- Task to complete: Leave out the pictures and output the data verbatim.
[Information provided — start]
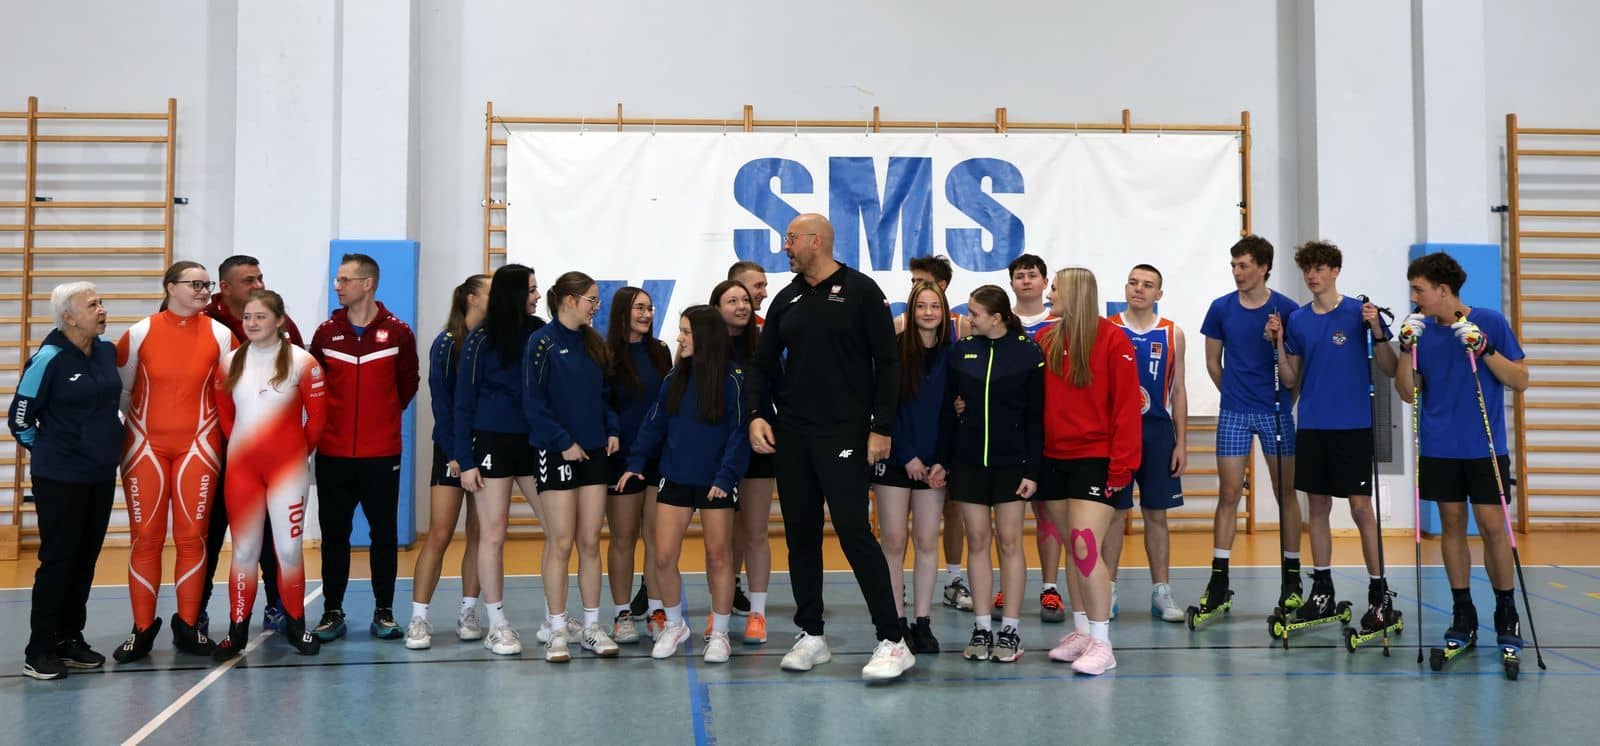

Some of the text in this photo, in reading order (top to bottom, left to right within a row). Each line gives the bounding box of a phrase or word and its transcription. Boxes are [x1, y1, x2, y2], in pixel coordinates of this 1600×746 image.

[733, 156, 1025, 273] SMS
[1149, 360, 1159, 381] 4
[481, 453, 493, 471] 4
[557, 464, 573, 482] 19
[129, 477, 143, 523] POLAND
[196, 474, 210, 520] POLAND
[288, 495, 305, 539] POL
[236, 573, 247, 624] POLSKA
[Information provided — finish]
- Output:
Some of the text in this photo, in reading order (top to bottom, left to right within a row). Each line gives the bounding box of a phrase or word and its transcription. Boxes are [x1, y1, x2, y2], in pixel coordinates of this 1600×746 image.

[733, 156, 1025, 273] SMS
[1149, 360, 1159, 381] 4
[481, 453, 493, 471] 4
[557, 464, 573, 482] 19
[129, 477, 143, 523] POLAND
[196, 474, 210, 520] POLAND
[288, 495, 305, 539] POL
[236, 573, 247, 624] POLSKA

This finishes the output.